What you have to do
Repeat each entry exactly. Drop every image.

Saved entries
====================
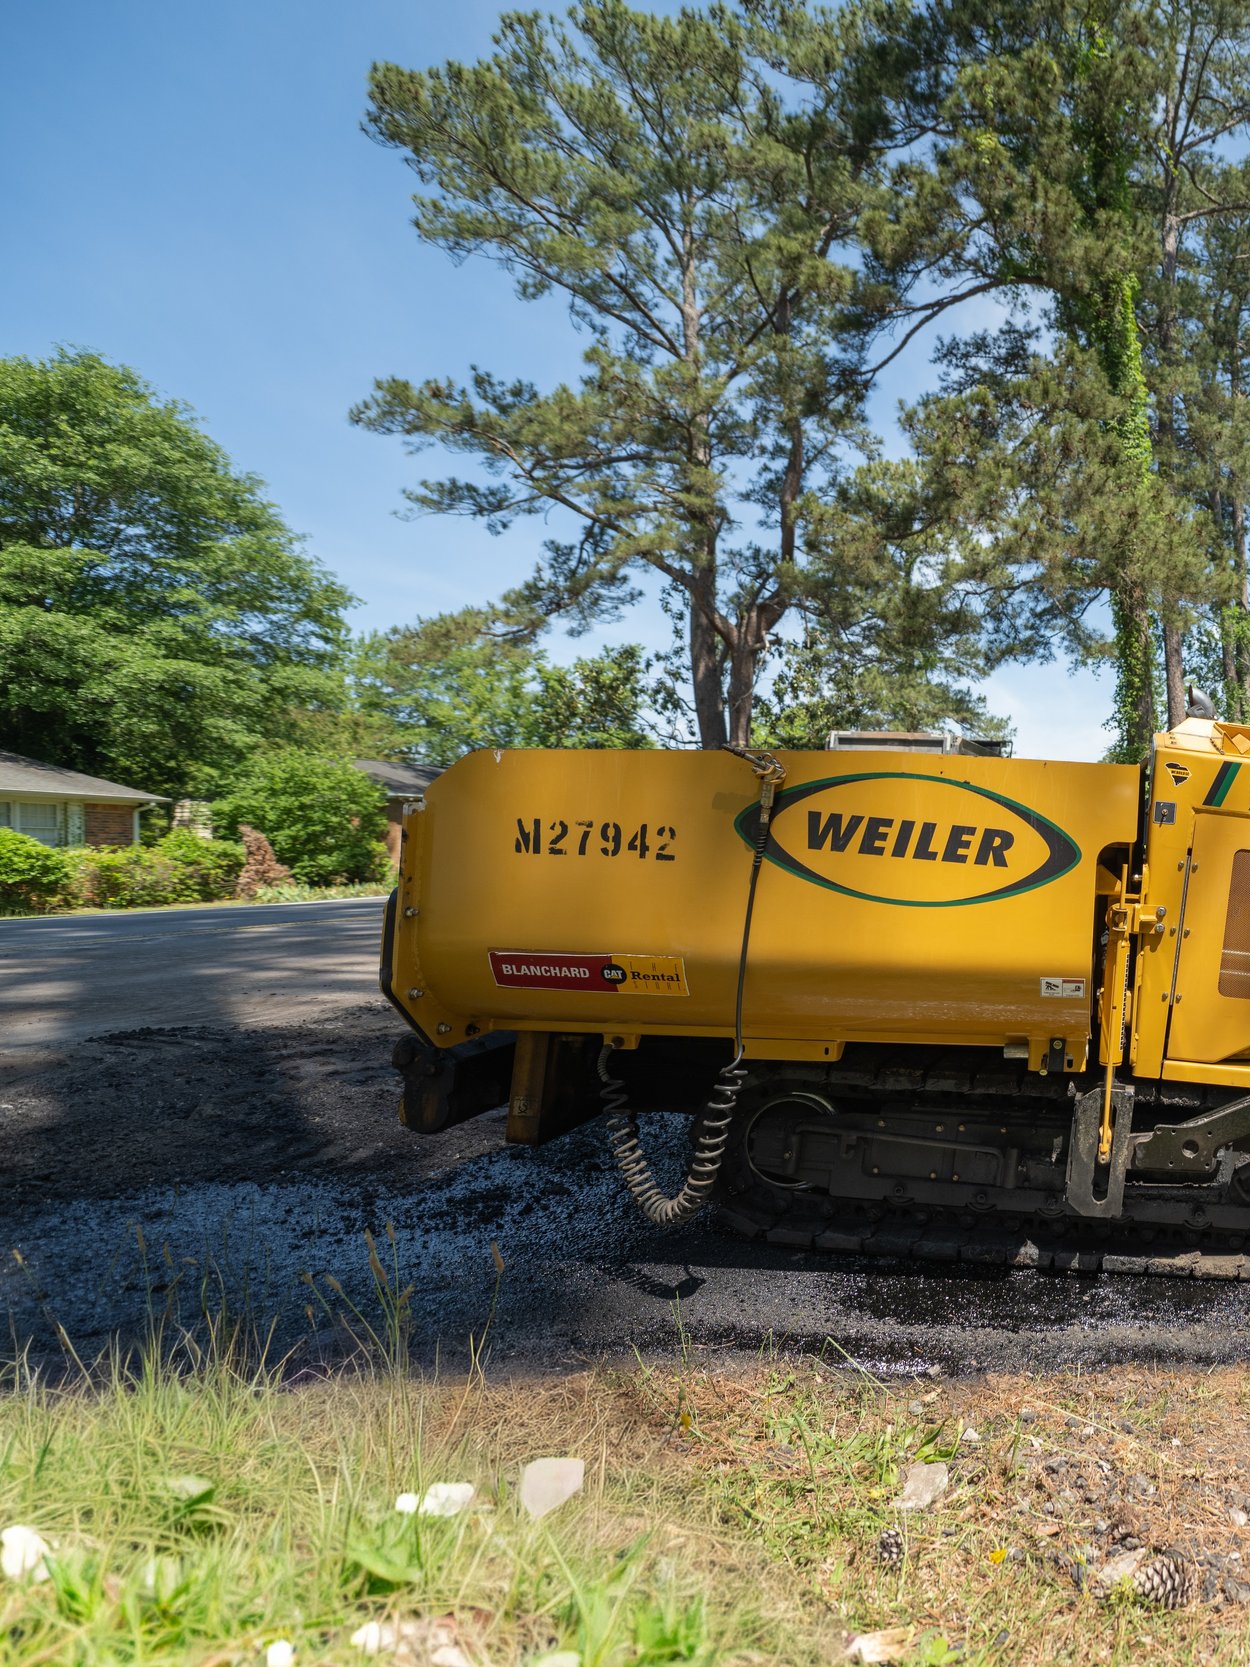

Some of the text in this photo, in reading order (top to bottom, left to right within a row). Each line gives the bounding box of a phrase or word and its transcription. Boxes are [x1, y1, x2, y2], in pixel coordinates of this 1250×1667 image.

[515, 818, 677, 861] M27942
[808, 830, 1014, 868] WEILER
[502, 964, 590, 978] BLANCHARD
[604, 969, 624, 980] CAT
[630, 971, 681, 982] Rental
====================
Response to this task
Some of the text in this photo, in reading order (top to bottom, left to right within a row). Each line gives the bounding box of a phrase or word and its transcription. Boxes are [x1, y1, x2, y2], in pixel coordinates of this 1250×1667 image.

[515, 818, 677, 861] M27942
[808, 830, 1014, 868] WEILER
[502, 964, 590, 978] BLANCHARD
[604, 969, 624, 980] CAT
[630, 971, 681, 982] Rental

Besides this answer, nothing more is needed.